### Task details
I'd like the entries that follow repeated exactly, with the pictures left out.

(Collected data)
┄┄┄┄┄┄┄┄┄┄┄┄┄┄┄┄┄┄┄┄
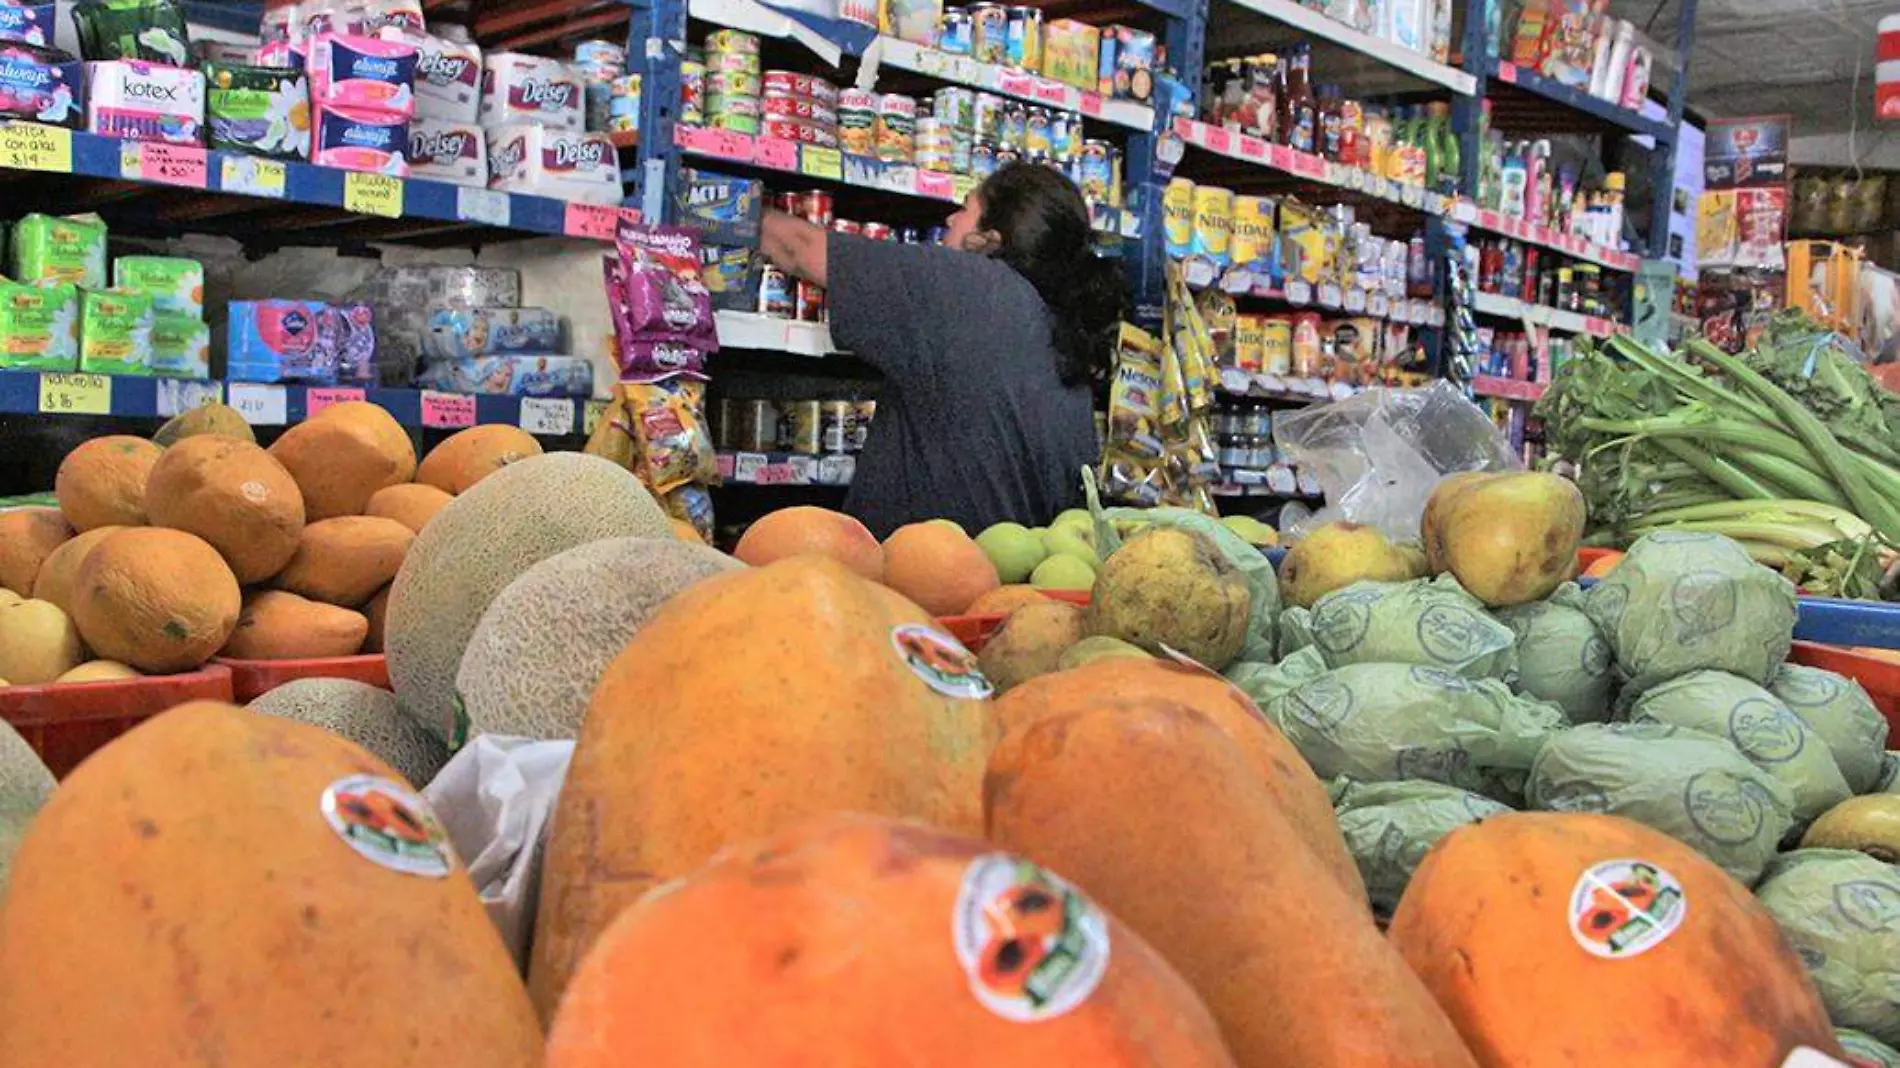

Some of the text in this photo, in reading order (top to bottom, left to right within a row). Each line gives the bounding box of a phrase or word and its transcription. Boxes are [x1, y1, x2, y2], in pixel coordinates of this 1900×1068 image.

[124, 75, 178, 101] kotex
[523, 77, 571, 105] Delsey
[413, 131, 466, 157] Delsey
[556, 139, 603, 165] Delsey
[688, 186, 717, 205] ACT
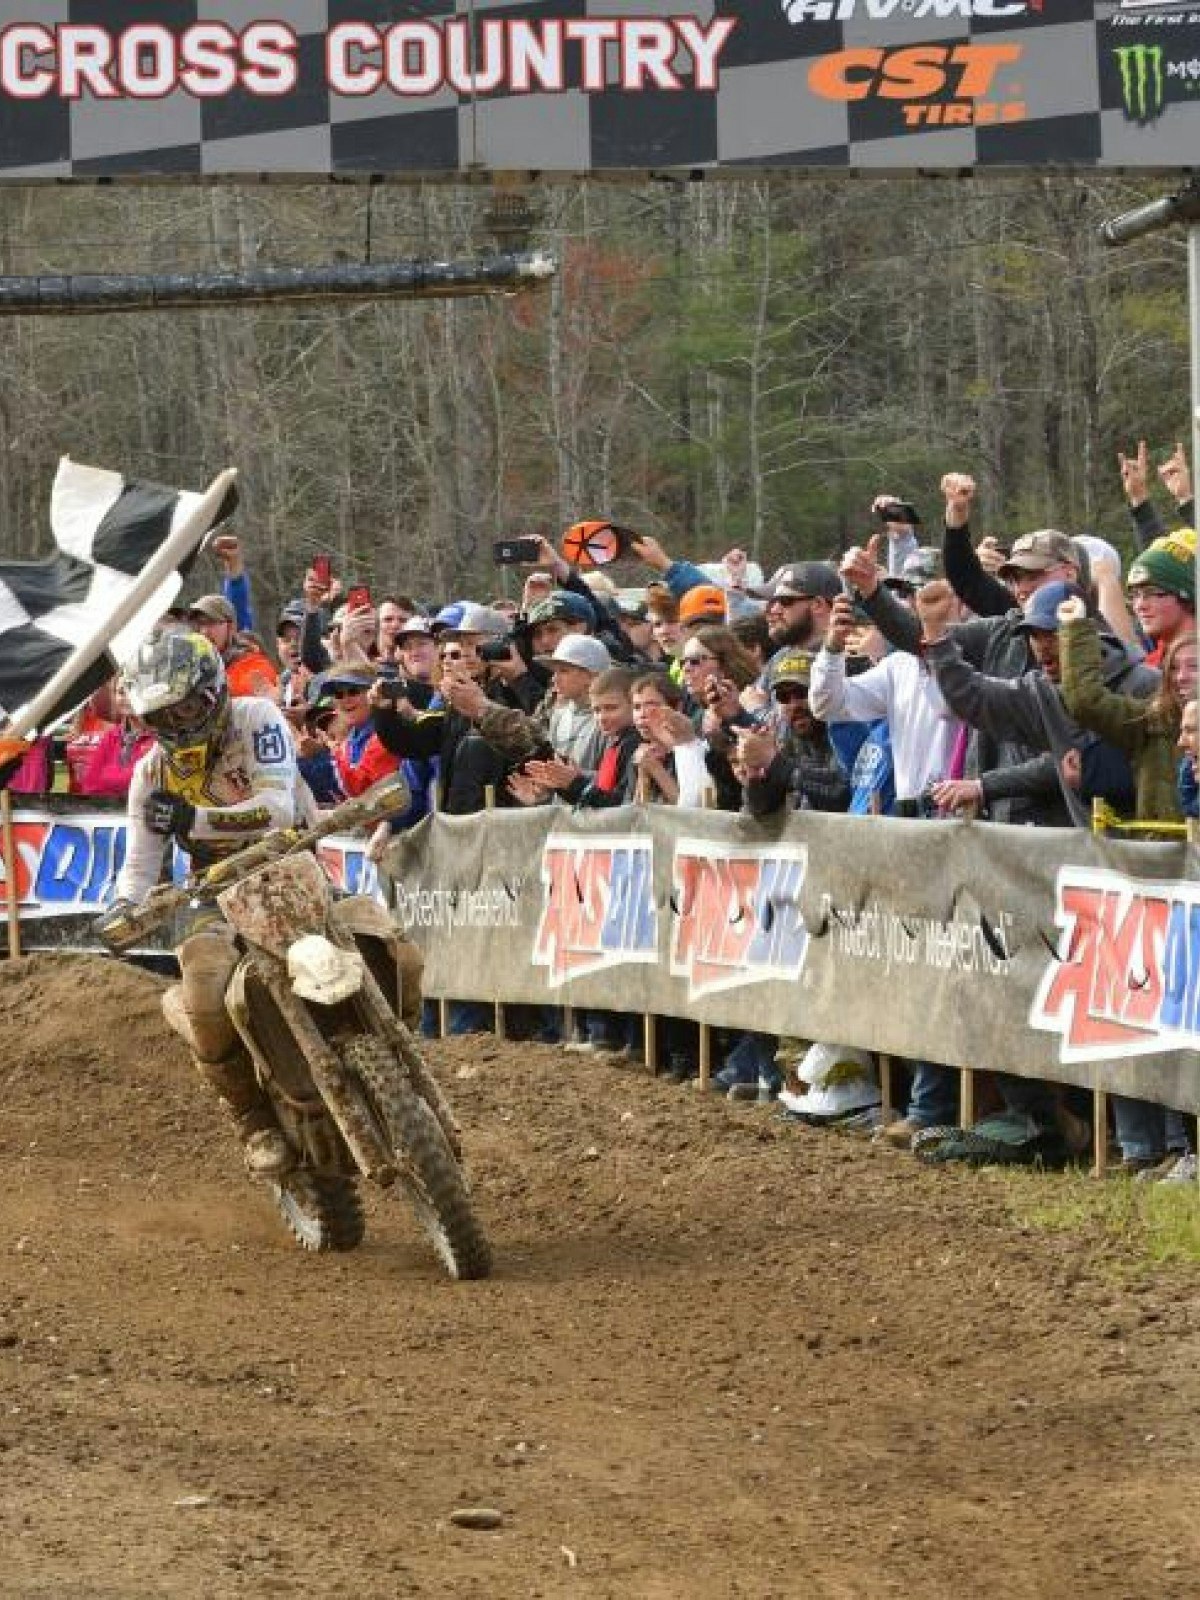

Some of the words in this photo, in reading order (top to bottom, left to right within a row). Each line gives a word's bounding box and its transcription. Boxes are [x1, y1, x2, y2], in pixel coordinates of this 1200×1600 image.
┄┄┄┄┄┄┄┄┄┄┄┄┄┄┄┄┄┄┄┄
### Answer
Some of the text in this photo, in reading order (top to bottom, left to right within a row). Each line gives the bounding box of a phrase or word and its transcription. Boxes are [x1, y1, x2, y2], in pixel coordinates of this 1900×1068 image.

[124, 75, 178, 101] kotex
[523, 77, 571, 105] Delsey
[413, 131, 466, 157] Delsey
[556, 139, 603, 165] Delsey
[688, 186, 717, 205] ACT

Some of the words in this photo, in reading order (top to bottom, left to right within a row). Each line gives a word's bounding box and its transcription. Boxes are [x1, y1, x2, y2], in pixel coordinates of this 1200×1600 image.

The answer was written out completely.